1. They can do no wrong 

“The first thing to consider in a narcissistic spouse is that they never take responsibility for their actions, they’re always right. There’s always a lot of blame-shifting in the relationship since they can’t accept to be ‘losing’ an argument,” says Devaleena.  If you’re upset with your partner because they haven’t talked to you in weeks, it’s your fault because you “didn’t make an effort”. If they forget the car keys on their way out, it’s your fault because you didn’t remind them. One of the most common narcissistic marriage problems is the fact that such a lack of responsibility always leads to constant bickering. 

2. They have a grandiose idea of self-importance 

“They have a peculiar sense of entitlement and believe that the world owes them something.
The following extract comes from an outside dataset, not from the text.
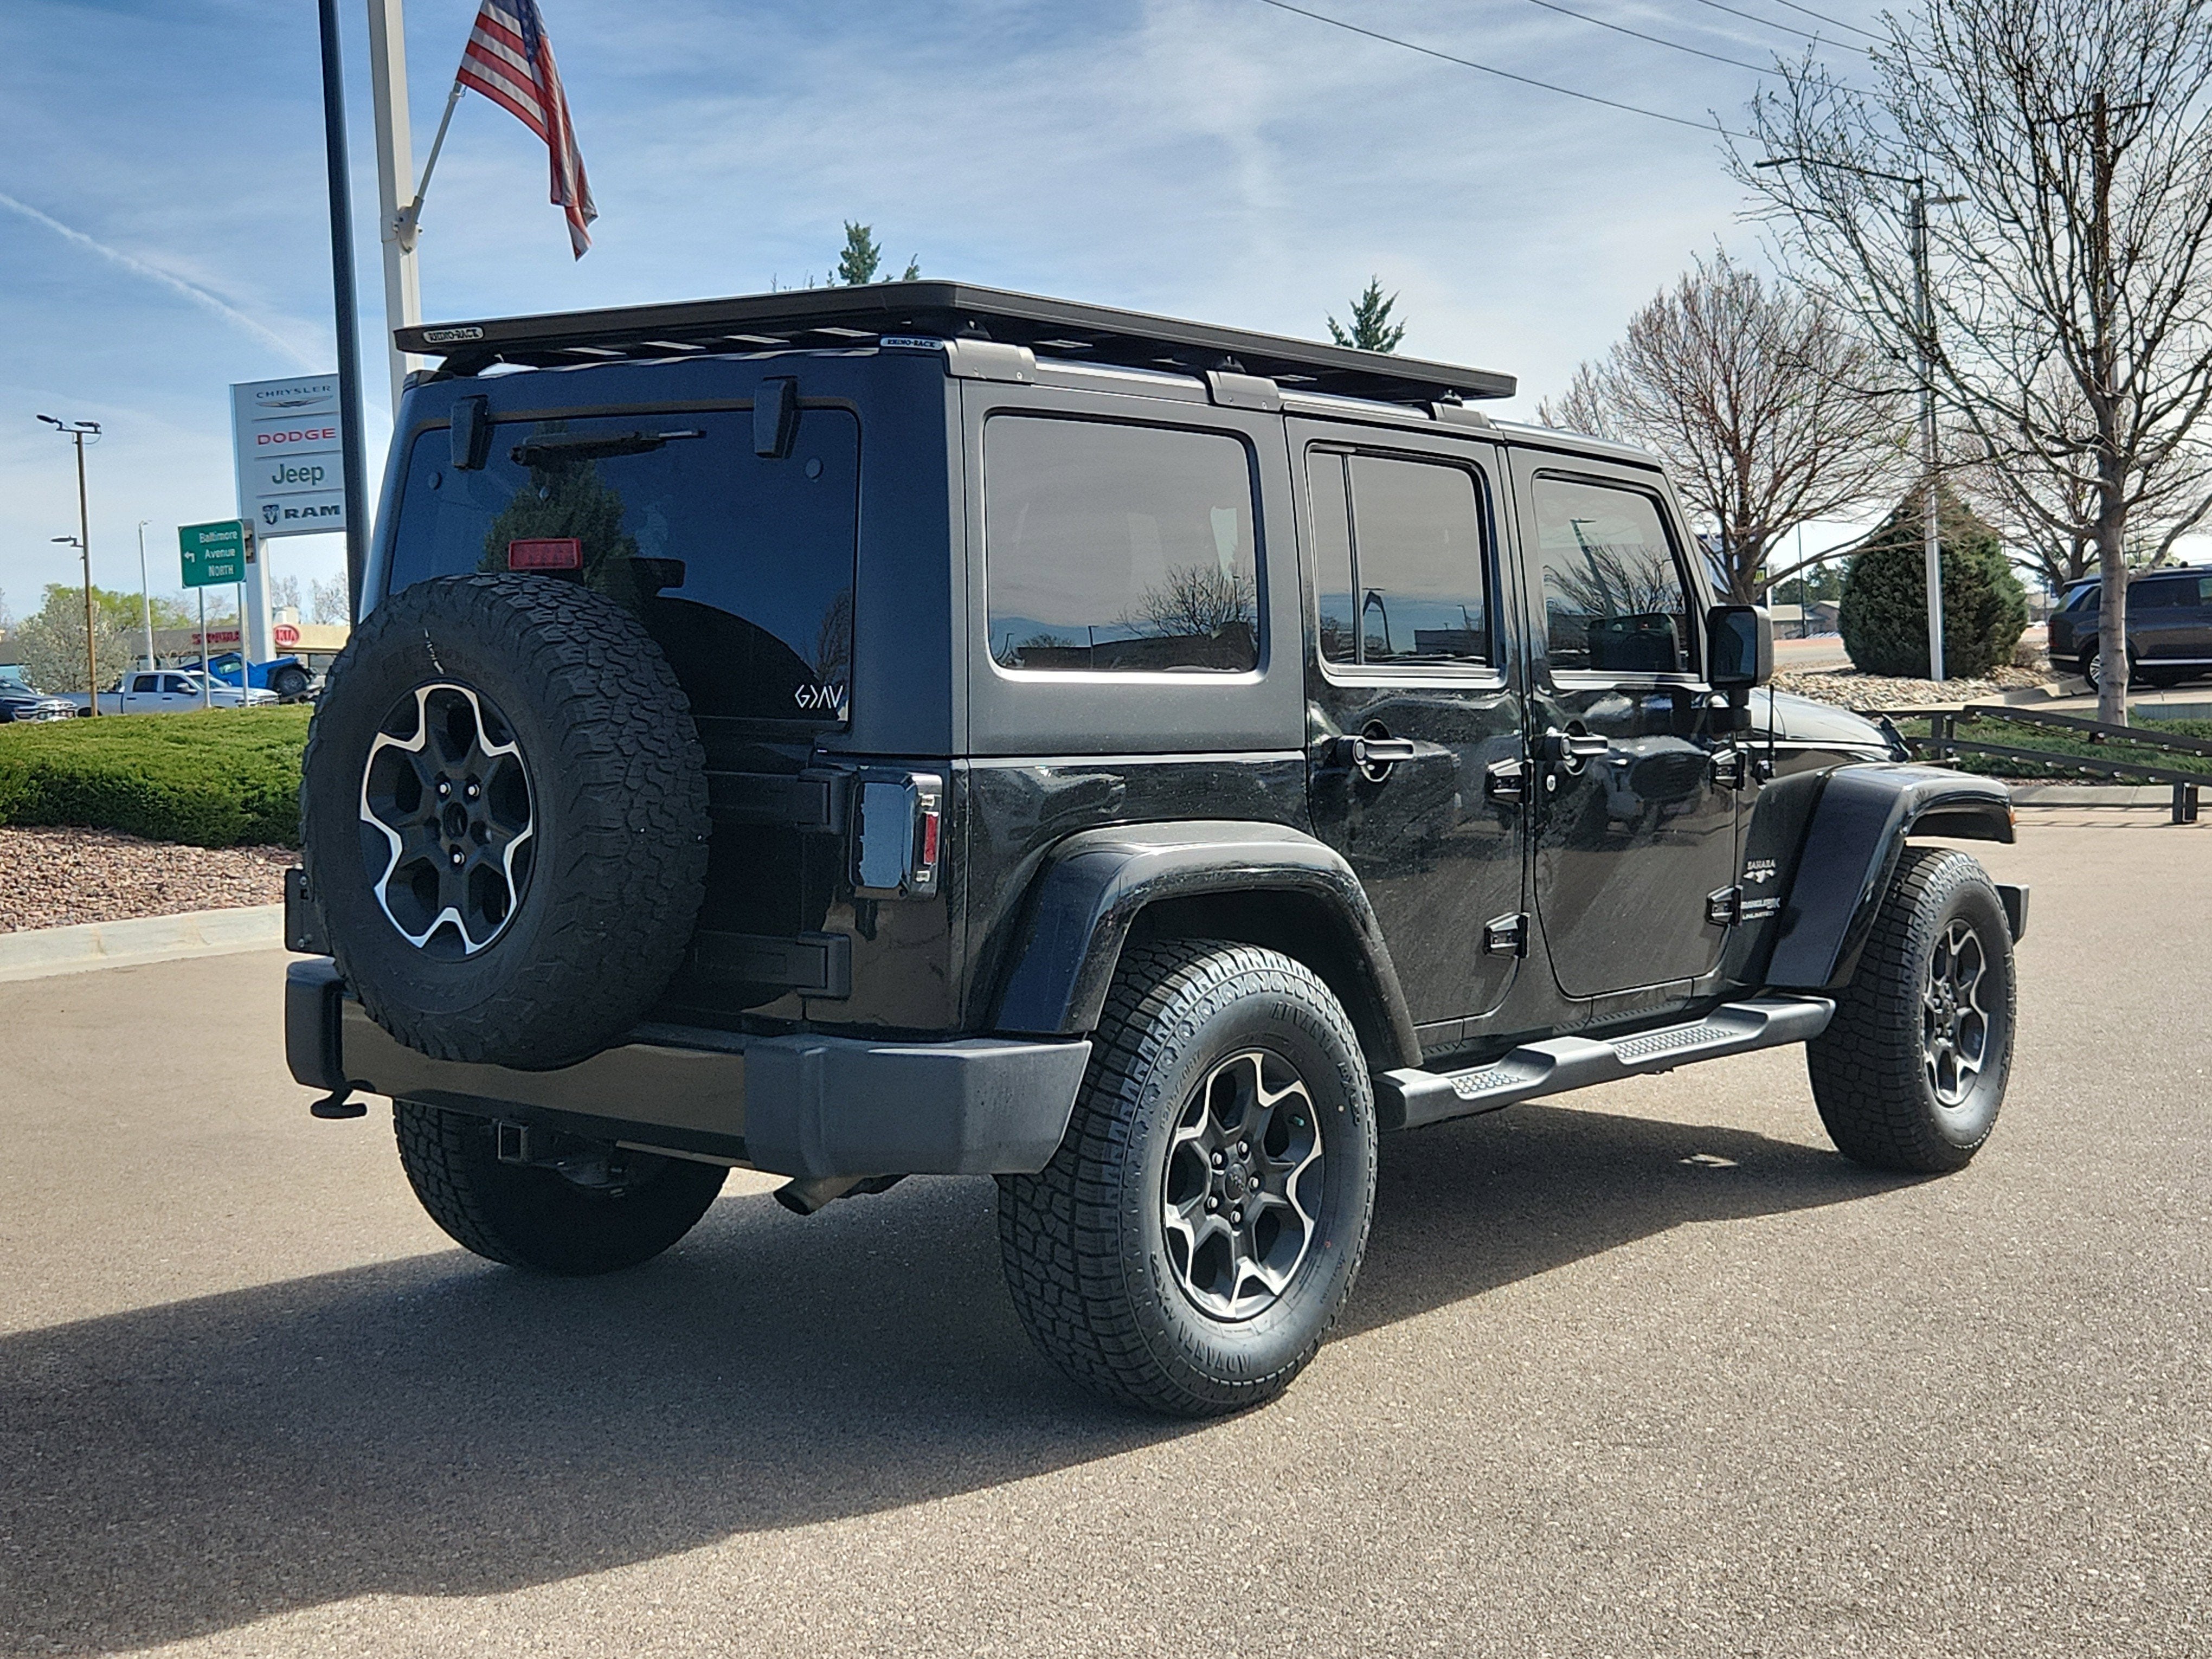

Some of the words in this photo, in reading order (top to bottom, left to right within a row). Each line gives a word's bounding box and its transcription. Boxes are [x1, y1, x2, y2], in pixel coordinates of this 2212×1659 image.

It can also come as a disguise where they oscillate between blatant self-importance and victim playing when they think they’re helpless souls who have got a raw deal in life.  “It then becomes the moral duty of the people around them to cater to whatever is not going well in their lives. And if you don’t cater to their needs, you are one among those who have wronged them,” says Devaleena. 

3. You’re constantly reassuring them of how great they are 

“They need praise, constant admiration and adoration from their spouses all the time. They have to constantly hear how great they are at everything that they do. They fish for compliments every chance they get. Words of affirmation aren’t a sweet gesture to them, it’s the only way they wanted to be communicated to,” says Devaleena.  If you don’t congratulate them on something they did at work at least half a dozen times, they’re going to get upset about it. If you don’t tell them how much you love them and why thrice a day, they’re going to think you don’t. As you can probably tell by now, understanding how to deal with a narcissist spouse isn’t that easy. 
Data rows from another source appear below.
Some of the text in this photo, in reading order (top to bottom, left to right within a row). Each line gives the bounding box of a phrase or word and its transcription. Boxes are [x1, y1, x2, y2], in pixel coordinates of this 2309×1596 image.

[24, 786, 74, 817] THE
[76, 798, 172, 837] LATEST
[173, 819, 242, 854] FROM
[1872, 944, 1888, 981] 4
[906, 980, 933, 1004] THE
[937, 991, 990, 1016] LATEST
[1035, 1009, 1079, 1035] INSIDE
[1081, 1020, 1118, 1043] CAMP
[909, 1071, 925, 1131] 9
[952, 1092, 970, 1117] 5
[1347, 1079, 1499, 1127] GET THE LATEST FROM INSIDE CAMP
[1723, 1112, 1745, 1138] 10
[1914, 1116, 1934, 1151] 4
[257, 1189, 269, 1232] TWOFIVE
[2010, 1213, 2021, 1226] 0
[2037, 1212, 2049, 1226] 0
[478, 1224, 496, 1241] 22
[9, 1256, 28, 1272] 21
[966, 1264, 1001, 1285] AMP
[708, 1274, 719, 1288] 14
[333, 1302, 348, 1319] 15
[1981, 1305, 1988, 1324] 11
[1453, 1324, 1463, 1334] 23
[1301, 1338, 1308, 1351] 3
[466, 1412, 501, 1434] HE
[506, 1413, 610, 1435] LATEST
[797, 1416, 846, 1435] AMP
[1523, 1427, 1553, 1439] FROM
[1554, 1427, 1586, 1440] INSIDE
4. They’re always expecting special treatment, no matter where they are

“It doesn’t matter if they’re in a new environment, they expect special treatment everywhere. And if they’re not given this special care and attention, they’re going to want to leave or will throw a fit the entire time.  “Even if it’s important to you, they won’t consider staying and they’ll want to leave – because they’re not treated as they think they should be,” says Devaleena. It doesn’t matter if they’re meeting your friends, people they’ve never met before or even if they’re in a new country. If they’re not the center of attention or if their made-up “needs” aren’t being cared for, they’re already upset. 

5. They can’t stop talking about their achievements (which they exaggerate) 
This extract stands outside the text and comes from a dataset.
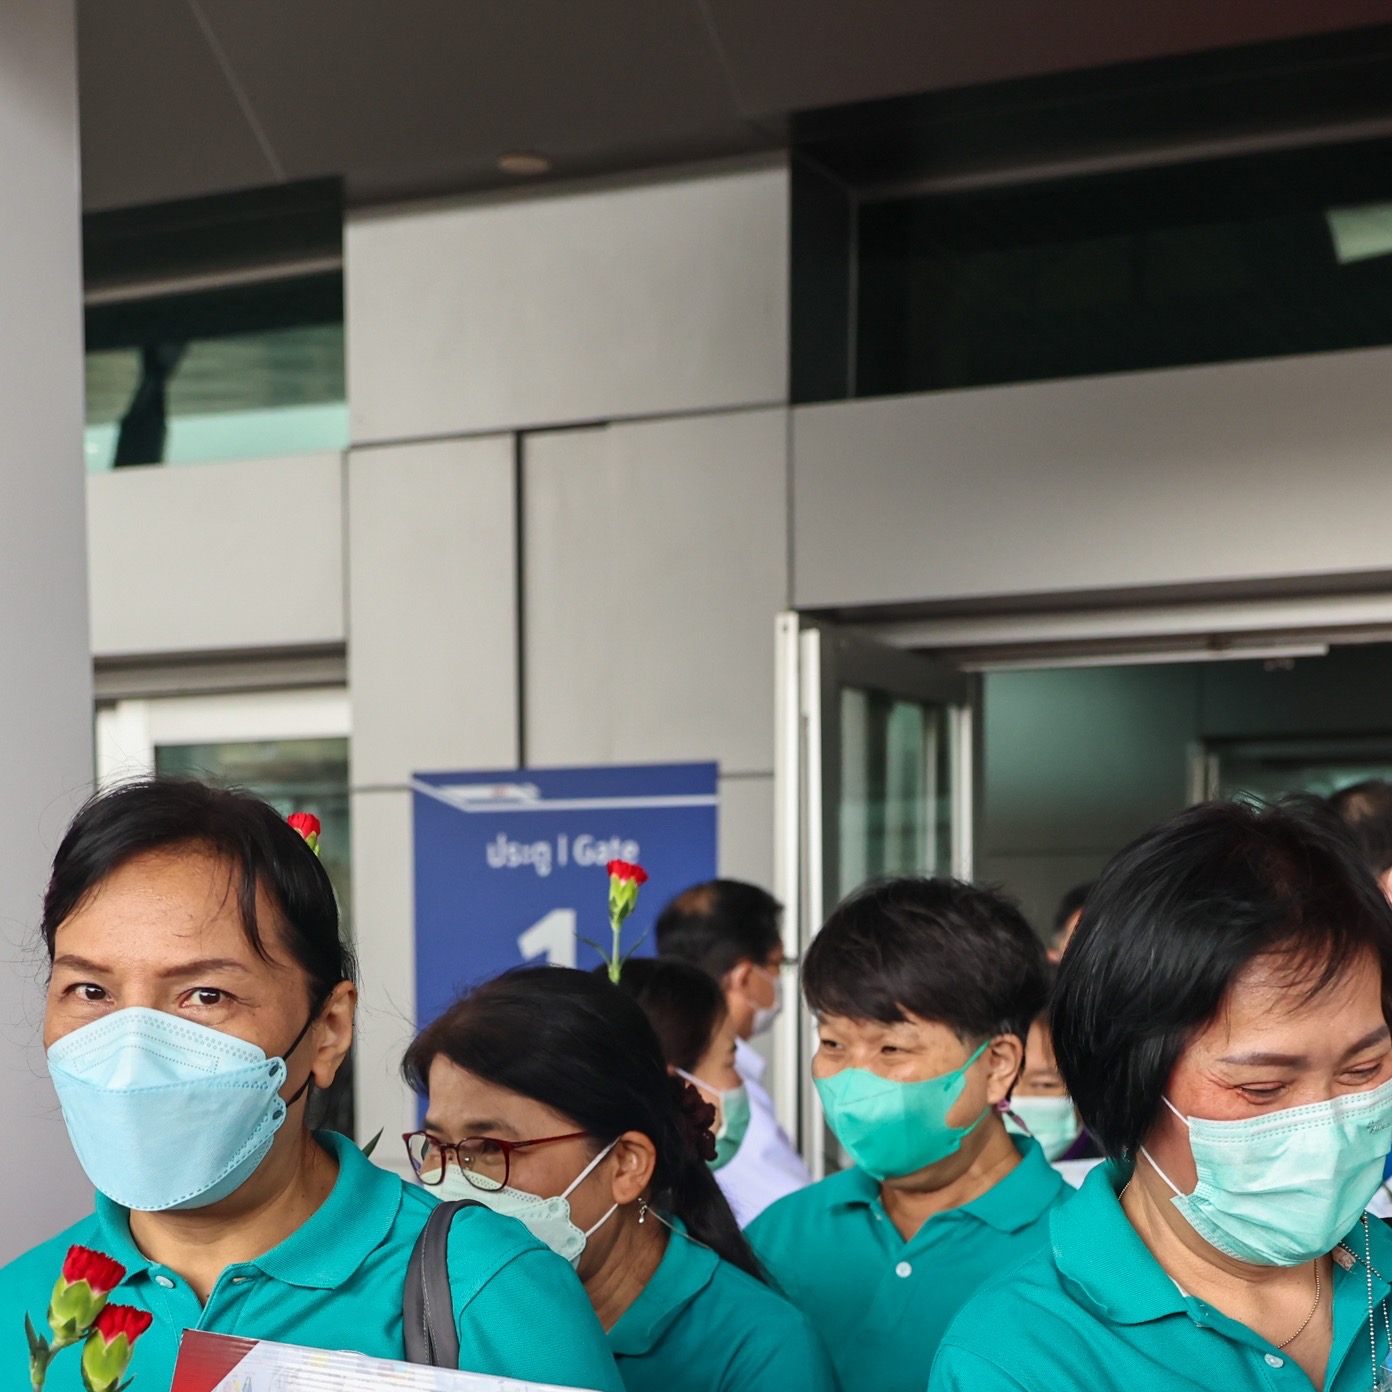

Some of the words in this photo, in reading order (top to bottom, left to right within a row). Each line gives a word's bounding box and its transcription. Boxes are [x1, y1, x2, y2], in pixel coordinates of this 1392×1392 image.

[486, 832, 552, 878] ประตู
[573, 833, 640, 867] Gate
[517, 907, 577, 969] 1
“They exaggerate their achievements and talents. They expect you to constantly hear them bragging about things they may have done way back when. It doesn’t matter if decades have passed; they’re going to repeat the story every chance they get.  “They’ll expect their spouses to agree with them and offer praise all over again. If you don’t, and if they get a feeling that they’re not being attended to, they get offended. And since there are no conflict resolution strategies they’ve ever used, the fights get nasty. “Narcissists often react to criticism very badly. They’re absolutely closed to any kind of criticism, even if it’s the most constructive one. That’s because they think they’re always right and superior to you,” says Devaleena.  If you’re living with a narcissist, you’ve probably heard the same old stories of their triumphs over and over again. God forbid you say something like, “I know, you’ve told me before”, because it’s not going to end well for you.  Now that you know what the classic signs of someone with NPD look like, it’s time to figure out how to stay in a marriage that has made you pull your hair out. Don’t worry, these expert tips will make sure you don’t end up going bald.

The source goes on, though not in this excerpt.